5G is a test vendor’s dream-mission – critical and difficult. 5G promises to ignite T&M again. And it is very difficult: mmWave, massive MIMO, huge bandwidths, challenging processing, and a race to deploy. And one can throw IoT (Internet of Things) in as well. 5G can rearrange the market leaders in RF and communication test.

5G features new technologies such as massive MIMO and mmWave. Both technologies use multiple antennas and beam-forming, which is a huge departure from current and previous wireless architectures. 5G also includes new wireless control mechanisms that split the control and data to facilitate the concept of network slicing, which scales the level of service to an individual user device.

In addition, the standards proposed for 5G are far more complex than 3G and 4G standards. 5G will transform our networks, so the industry must transform the way these systems are designed, developed, and tested. For algorithm design, simply modeling systems without any real-world validation has not been enough for an idea to advance from concept to production. For test, traditional methods that focus on an individual component will not be able to account for the overall impact to the system.

Test and measurement solutions will be key in the commercialization cycle, asserts NI. Test systems must expand beyond the physical layer to quickly and cost efficiently test these new multi-antenna technologies with controllable/steerable beams. Additionally, these systems must address the new mm Wave-capable devices with extremely wide bandwidths. These test solutions must not only be able to test the important parameters of a device but also be cost-effective for 5G to reach its potential and achieve widespread adoption.

With these characteristics, 5G requires a different approach to test for wireless devices and systems. For example, system-level over-the-air (OTA) test must become standard in the 5G ecosystem. OTA test presents several challenges but perhaps the most daunting pertains to the environment in which the test equipment and the device under test must coexist. Air is an unpredictable medium, and the channel itself varies over time and environmental conditions. Wireless test engineers must isolate the channel in the OTA scenario and control the device on a per beam basis to effectively test the device.

In addition, companies like Intel have introduced early phased array antenna modules featuring an antenna attached directly to the RF front end to minimize system losses. Because access to the device is limited, the test equipment must step up in frequency to the mmWave bands and characterize key performance metrics beam by beam.

Finally, whereas bandwidth is a familiar test challenge, the tested bandwidth of 5G is expected to increase 50× over a standard LTE channel. At these bandwidths, test systems must not only generate and acquire wider bandwidth waveforms but also process all that data in real time.

What is next. Wireless researchers have embraced a platform design approach using SDRs to expedite the early research phase of 5G, and they have delivered. Now, test solution providers must do the same. 5G presents a paradigm shift the likes of which we have never seen before, and a platform-based approach that is flexible and software configurable will be essential to the development of this ecosystem.

ETM manufacturers will face increased demands for greater capabilities and lower costs.
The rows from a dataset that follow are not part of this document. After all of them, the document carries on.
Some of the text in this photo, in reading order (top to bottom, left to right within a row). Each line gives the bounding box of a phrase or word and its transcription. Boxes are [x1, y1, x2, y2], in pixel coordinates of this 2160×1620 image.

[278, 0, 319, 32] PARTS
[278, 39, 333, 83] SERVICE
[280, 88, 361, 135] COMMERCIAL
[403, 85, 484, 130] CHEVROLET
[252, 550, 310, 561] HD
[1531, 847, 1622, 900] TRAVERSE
As a result, test products for 5G will be far more complex than those of generations before. Looking beyond individual components to chipsets and system solutions is helping manufacturers squeeze more performance out of limited space and lower cost targets – something especially demanded of modular instrumentation. At the same time, this high level of integration, as well as the increased signal chain count required for MIMO and beam-forming, is putting even greater demands on power. By working with suppliers, especially those with the broadest portfolio of products, it is becoming possible to better engineer components into complete signal chain solutions to meet the demanding performance, power, space, and time-to-market requirements of tomorrow’s instrumentation, comments Analog Devices.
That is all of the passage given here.